Rupture

Rupture (2016)

Rupture first published by Sight & Sound, December 2016

Review: “Don’t be scared,” says an unseen Margot down the phone to her work colleague Renee (Noomi Rapace). They are meeting later that weekend, hoping to confront their fears and have a transformative experience on a skydiving trip. In fact, Renee – an independent, resourceful divorcee bringing up her teen son Evan (Percy Hynes-White) almost entirely by herself – seems pretty fearless. The opening sequence of Rupture, however, reveals her Achilles’ heel, as we see her reduced to near catatonic terror by a spider in the bathroom. The sense of anxiety is increased not only by Nathan Larson’s creepily shrill score, or by the background radio discussion of environmental damage and global warming, but also by an occasional shift to high-angle black-and-white shots of the house’s interiors, via hidden, intradiegetic camera. We are not the only ones observing Renee and Evan.

After dropping Evan off at his father’s, Renee is abducted, and finds herself prisoner in a squalid, red-lit facility (with wallpaper borrowed from the distinctive carpet pattern in The Shining).
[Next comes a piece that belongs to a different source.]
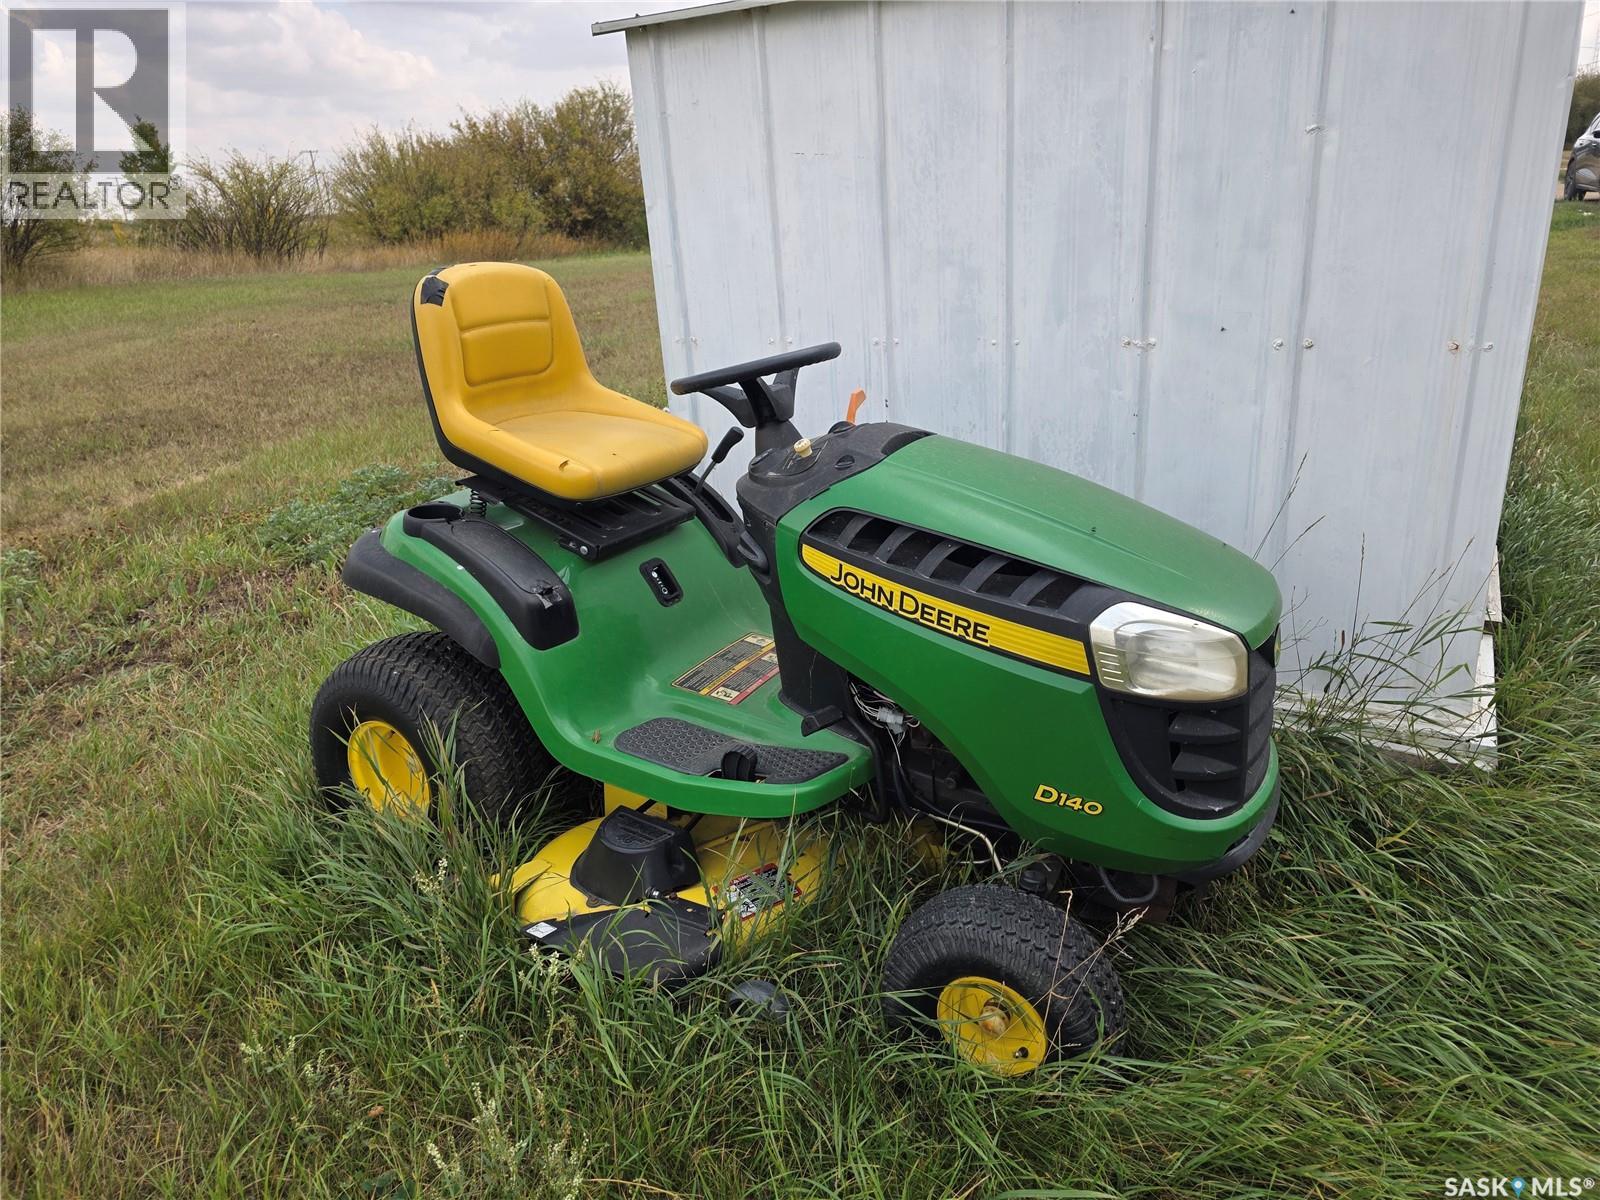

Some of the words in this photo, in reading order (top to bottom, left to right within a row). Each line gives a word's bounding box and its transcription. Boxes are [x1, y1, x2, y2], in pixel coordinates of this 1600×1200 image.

There, a team of researchers is conducting strange medical experiments on her and several other captives, hoping to induce in their patients an effect known as ‘rupture’. As Renee struggles to escape her bonds and to get back home to her beloved Evan, Rupture plays out mostly like a mystery, although there are also elements of horror: in particular, the chained-up women (and men) familiar from ‘torture porn’, as well as enough sneaking around corridors and creeping through crawlspaces to feel like lazy genre padding – even if Renee does witness, in passing, scenes that form an explanatory mosaic of what is going on.

Fear, too, is key here, as a medium and mechanism for change. Renee’s spooky, over-intimate captors keep insisting that they are not forcing her to do anything, but want her to act of her own free will, in the interests of creating a better Renee – and a better world. Yet the sedatives keeping Renee docile, and the neck brace, wrist bands and leg straps attaching Renee to a stretcher in a locked room, tell a different story about coercion and oppression. The strange, tactile people running the facility claim that they are benevolent (r)evolutionaries trying to save humanity both from itself and from a polluted, war-driven future, and yet they operate through terror and their own special version of Room 101 – and like Orwell’s Big Brother, they are always watching. No stranger to women in bondage after Secretary (2002), director/co-writer Steven Shainberg uses sci-fi and body horror to explore the way that hubris and callousness towards others remain indelible parts of the human genome, and that fascism is rarely alien to utopia. Meanwhile Rapace riffs off her rôle in Prometheus (2012) as mother once again to something horrifyingly new, and carries this film along through sheer determination even when it seems like a great idea for a short that has been punishingly mutated into feature length.

Synopsis: Kansas City, Missouri, present day. Arachnophobic single mother Renee drops her son Evan off with her ex for the weekend. She is then abducted by the same people who have been observing her and Evan in their home via hidden cameras. Renee wakes in a facility, bound to a trolley, and is rolled to a cell. There, she is questioned by Dianne, Dr Raxlen and others about her vital statistics and her life. They indicate that she has been chosen for a genetic predisposition. Communicating through an air vent, fellow captive Blake tells her that prisoners are made to face terrifying things, and that her predecessor was eventually allowed to go free.

In her first trial, a poisonous spider is placed on Renee’s arm, but removed when Renee is deemed not to have reacted as desired. Using a wirecutter hidden in her pocket, Renee cuts her bonds, and crawls through the air vents witnessing other prisoners’ traumatising treatments. Sneaking about the facility, Renee realises that she needs a special electronic wristband to open security doors. She also sees that the staff disguise their three-pupiled eyes behind contact lenses. Renee overpowers Dianne for her wristband, but is caught by the others (who have known of her partial escape all along). When a spider mask is placed over her face, Renee mutates, and is told she is the first fertile member of an evolved human superrace. Back at home, when the others come for Evan too, she helps her son escape.